YOUR ASSIGNMENT | Copy the data exactly. Images are the one exception.

Free-text object descriptions:
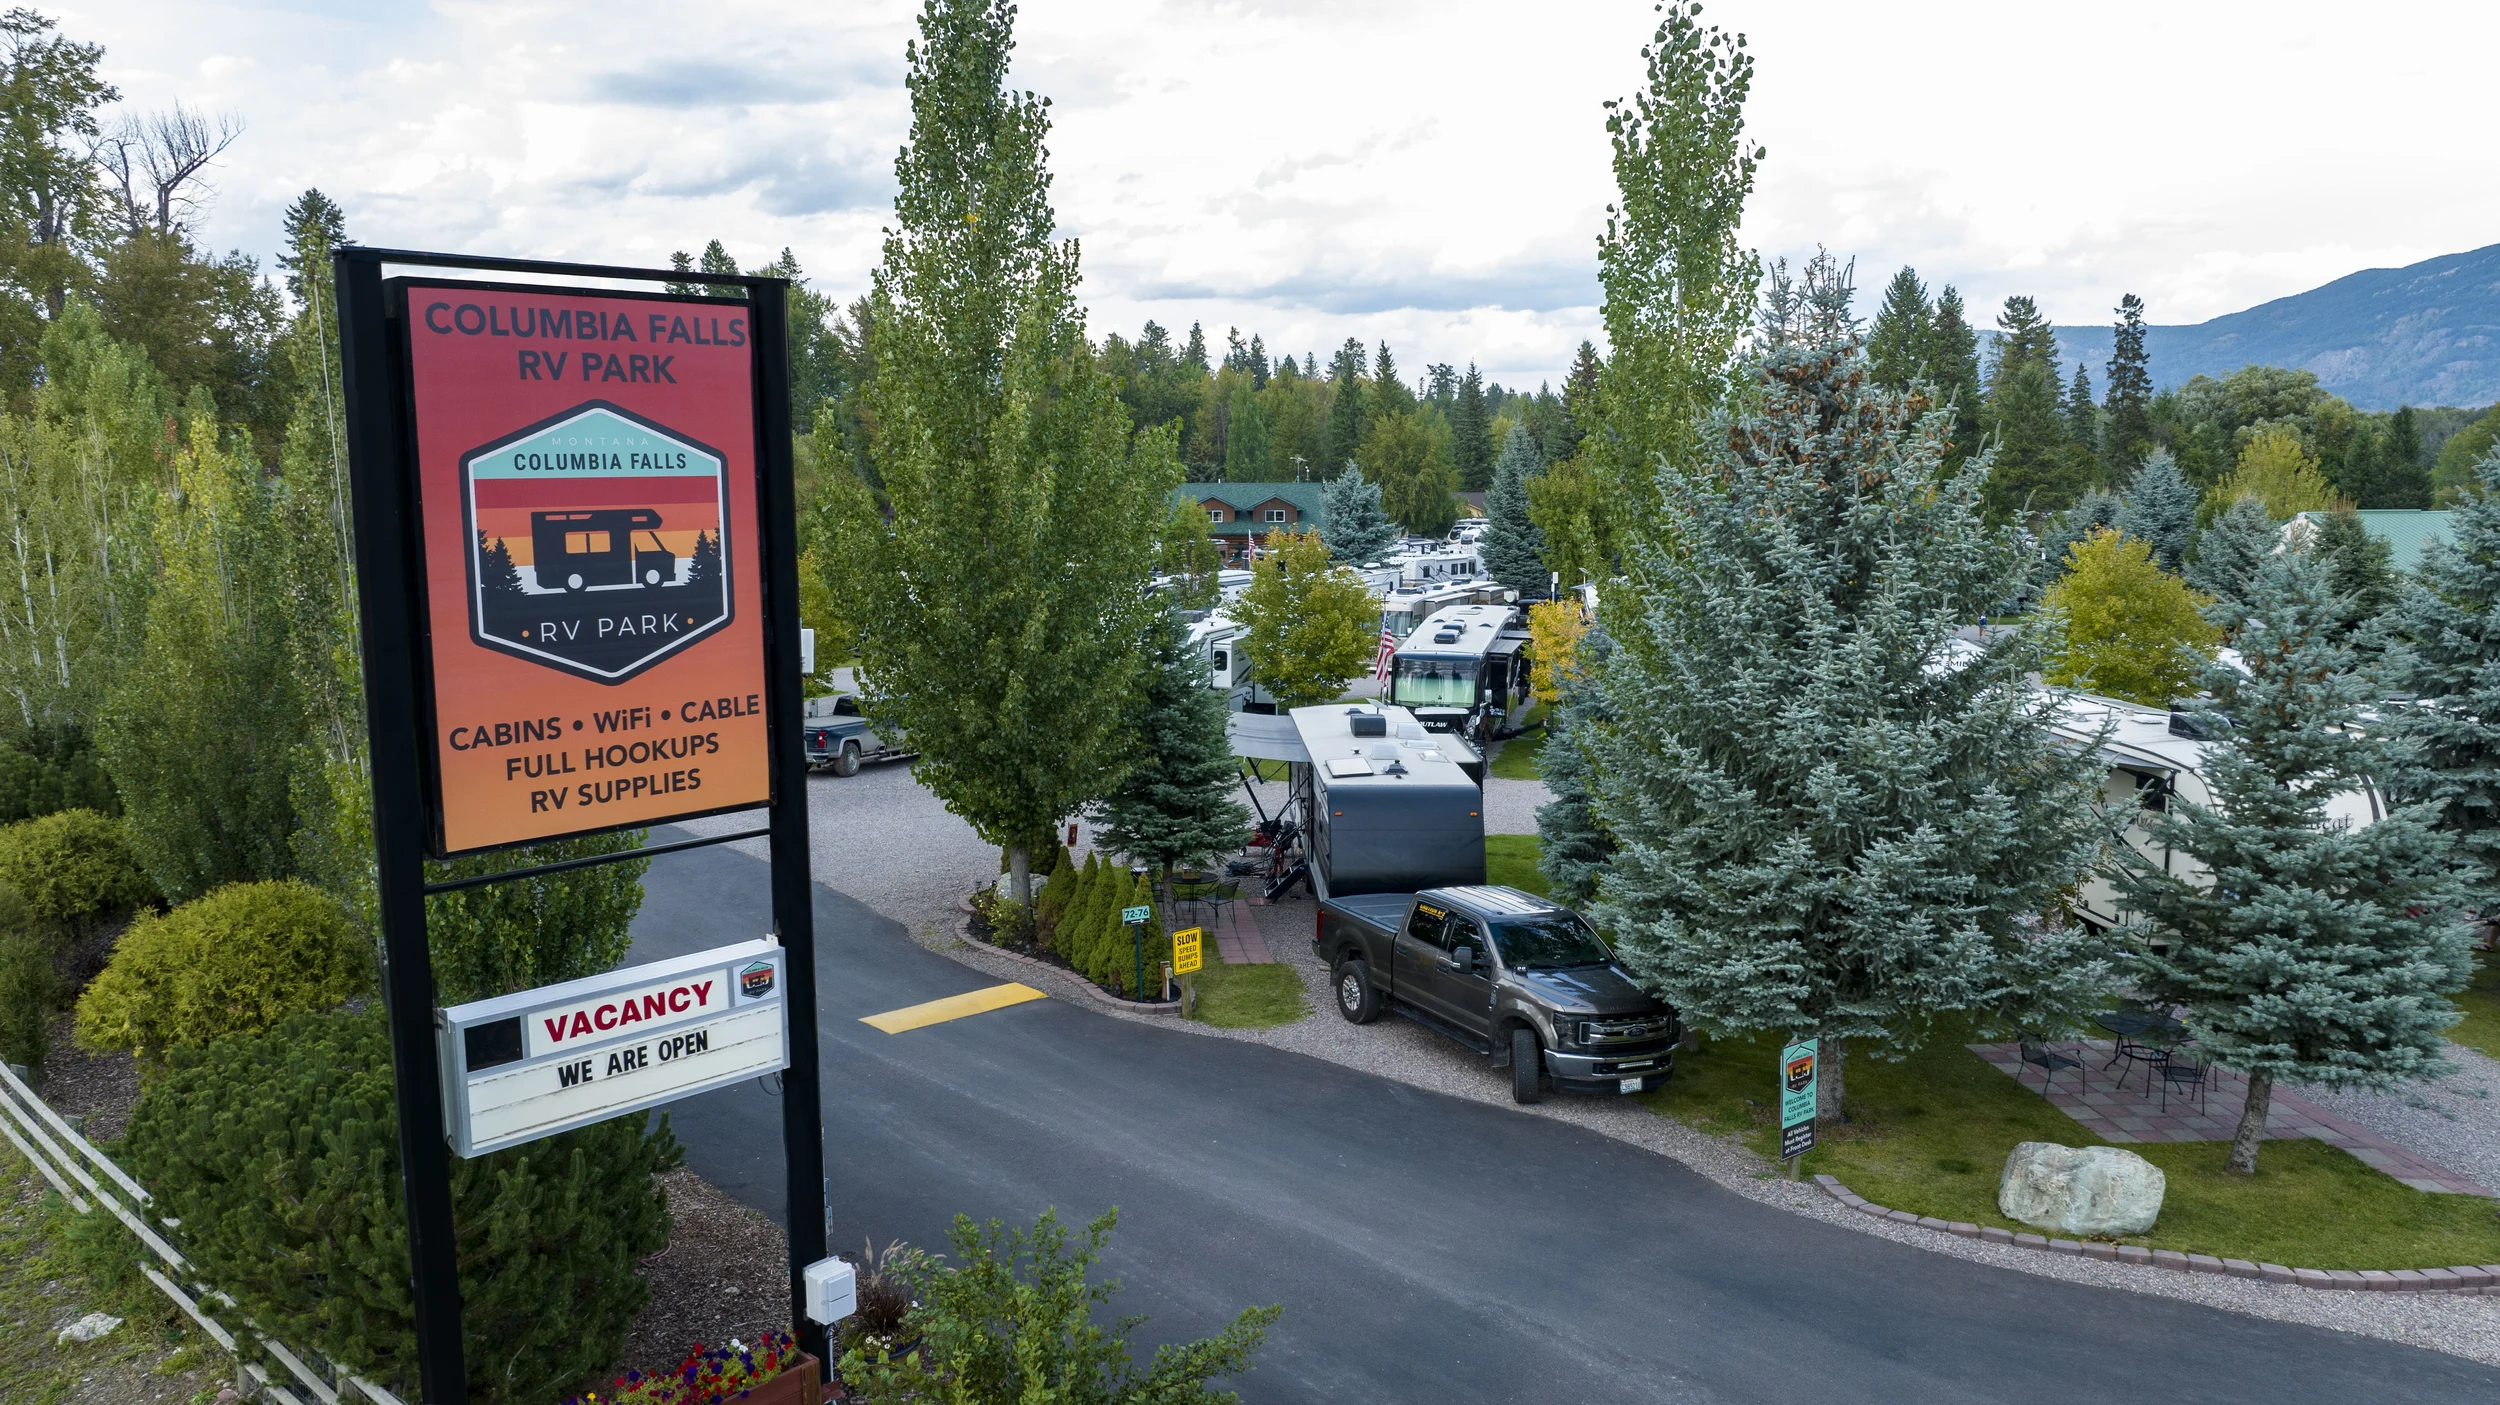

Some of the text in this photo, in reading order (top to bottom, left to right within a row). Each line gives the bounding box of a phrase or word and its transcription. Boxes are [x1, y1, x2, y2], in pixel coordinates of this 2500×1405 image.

[424, 302, 746, 348] COLUMBIA FALLS
[518, 350, 678, 384] RV PARK
[552, 437, 649, 446] MONTANA
[513, 452, 687, 471] COLUMBIA FALLS
[540, 612, 680, 643] RV PARK
[449, 694, 760, 752] CABINS WiFi CABLE
[506, 732, 719, 781] FULL HOOKUPS
[530, 768, 701, 814] RV SUPPLIES
[1125, 908, 1148, 918] 72-76
[1177, 932, 1198, 946] SLOW
[1178, 945, 1197, 955] SPEED
[1178, 952, 1198, 962] BUMPS
[1178, 960, 1198, 970] AHEAD
[544, 980, 714, 1042] VACANCY
[558, 1030, 709, 1088] WE ARE OPEN
[1785, 1094, 1806, 1106] WELCOME
[1788, 1100, 1810, 1113] COLUMBIA
[1784, 1113, 1796, 1122] FALLS
[1803, 1107, 1814, 1115] PARK
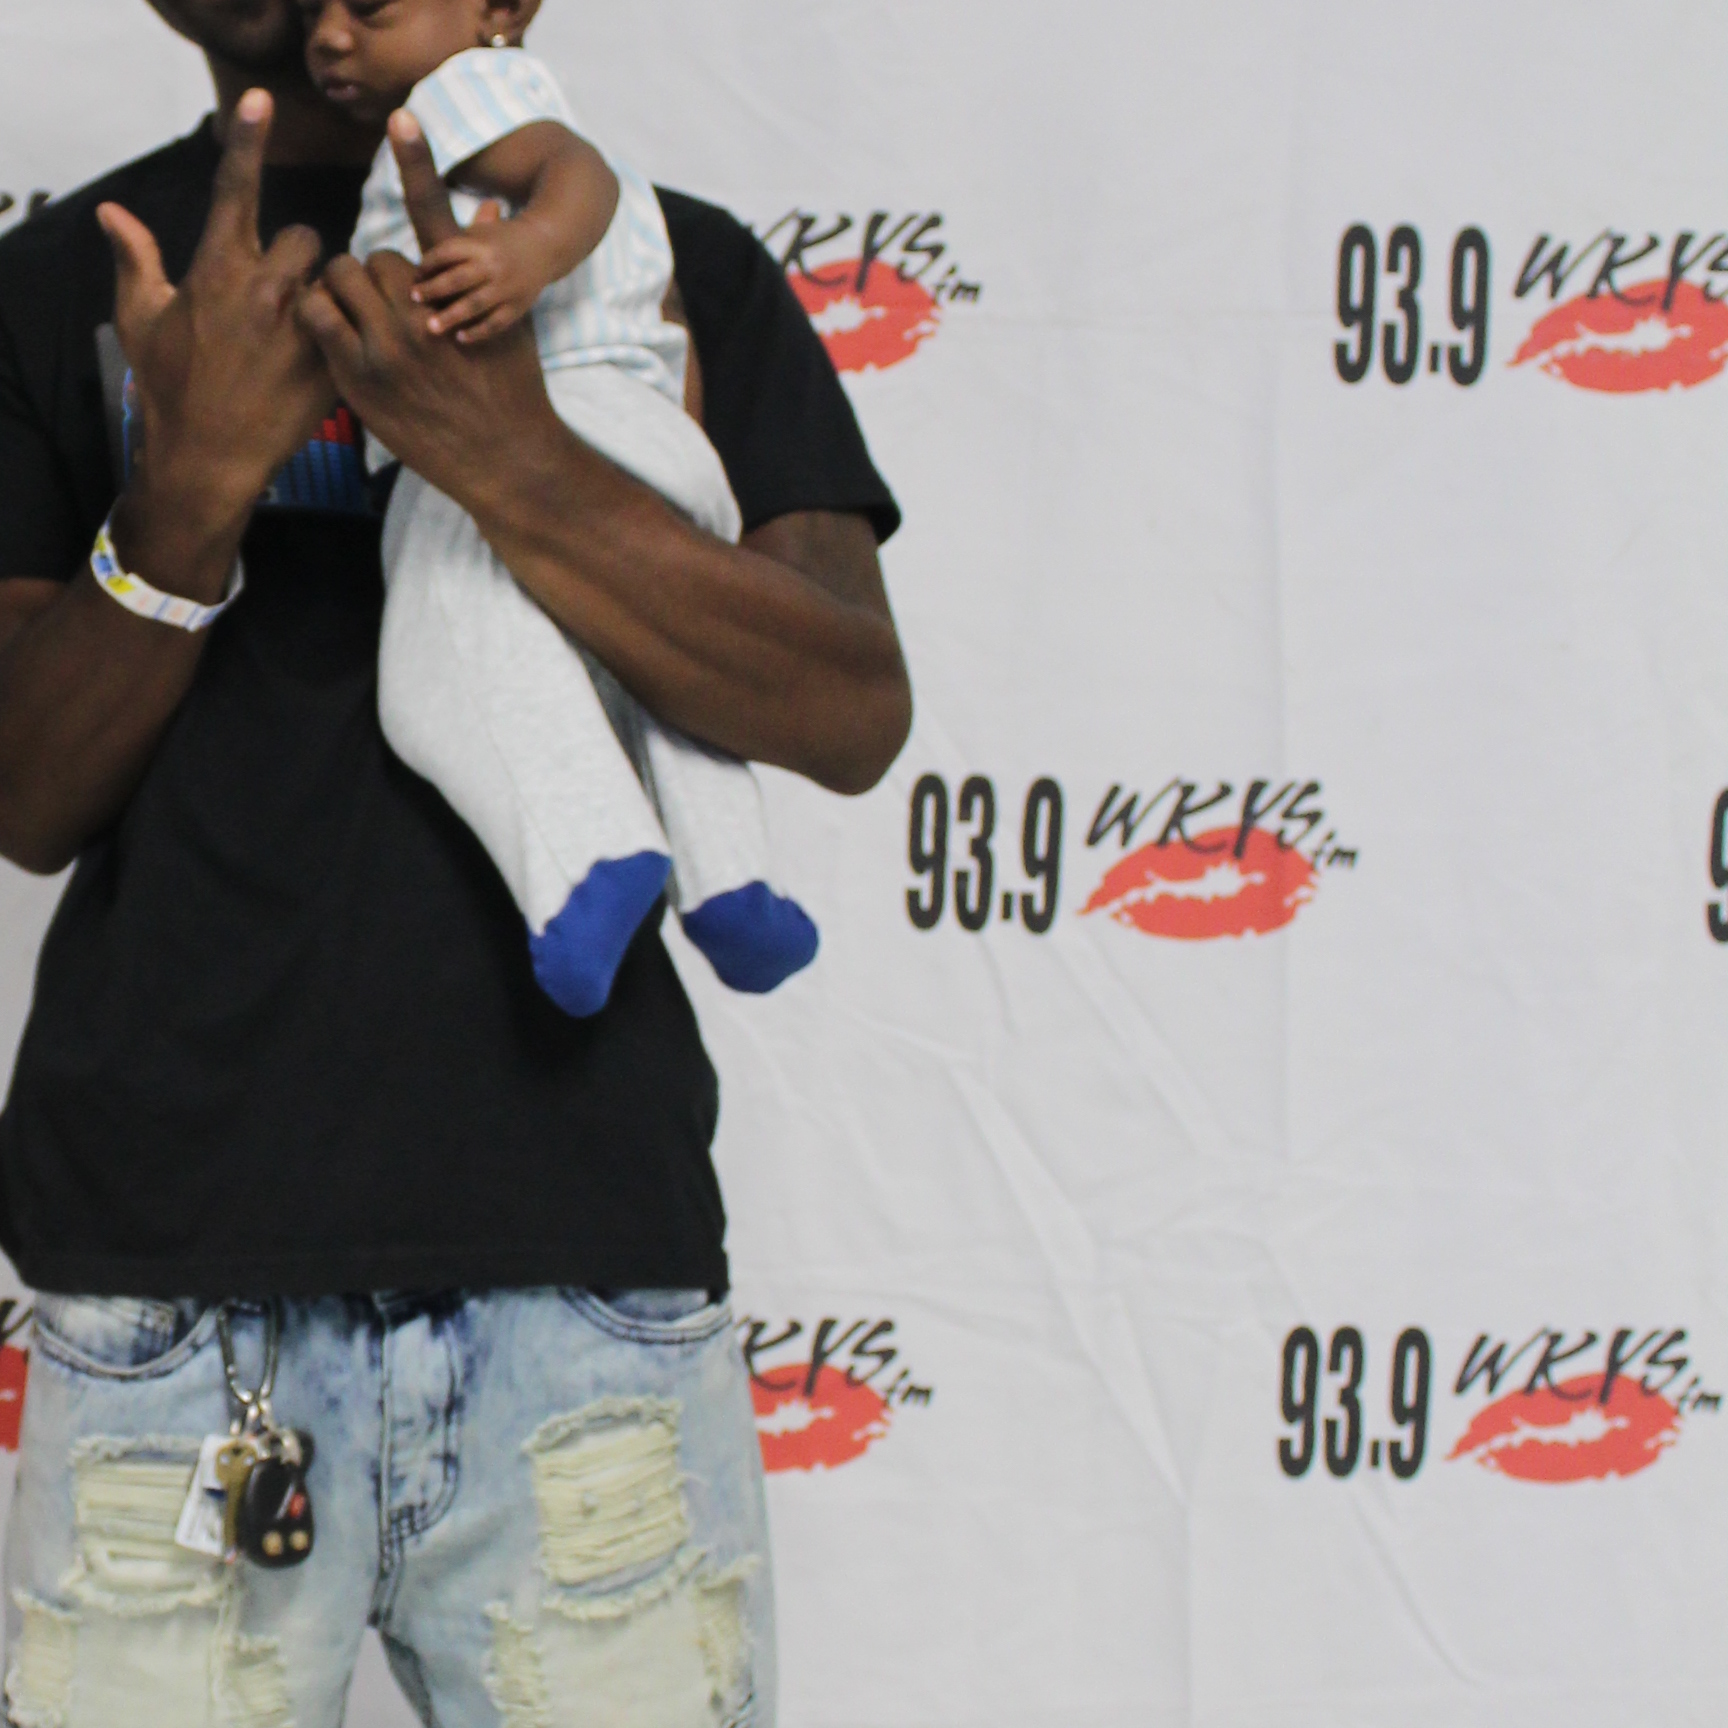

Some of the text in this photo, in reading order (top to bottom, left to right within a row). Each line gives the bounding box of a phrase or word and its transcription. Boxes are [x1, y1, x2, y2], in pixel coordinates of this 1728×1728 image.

SOLUTION TO THE EXERCISE |
Some of the text in this photo, in reading order (top to bottom, left to right within a row). Each line gives the bounding box of a phrase or word and its transcription. Boxes are [x1, y1, x2, y2], in pixel coordinates of this 2500×1405 image.

[424, 302, 746, 348] COLUMBIA FALLS
[518, 350, 678, 384] RV PARK
[552, 437, 649, 446] MONTANA
[513, 452, 687, 471] COLUMBIA FALLS
[540, 612, 680, 643] RV PARK
[449, 694, 760, 752] CABINS WiFi CABLE
[506, 732, 719, 781] FULL HOOKUPS
[530, 768, 701, 814] RV SUPPLIES
[1125, 908, 1148, 918] 72-76
[1177, 932, 1198, 946] SLOW
[1178, 945, 1197, 955] SPEED
[1178, 952, 1198, 962] BUMPS
[1178, 960, 1198, 970] AHEAD
[544, 980, 714, 1042] VACANCY
[558, 1030, 709, 1088] WE ARE OPEN
[1785, 1094, 1806, 1106] WELCOME
[1788, 1100, 1810, 1113] COLUMBIA
[1784, 1113, 1796, 1122] FALLS
[1803, 1107, 1814, 1115] PARK

Some of the text in this photo, in reading order (top to bottom, left to right within a row). Each line gives the bounding box of a phrase or word and its transcription. Boxes are [x1, y1, x2, y2], in pixel coordinates of this 1728×1728 image.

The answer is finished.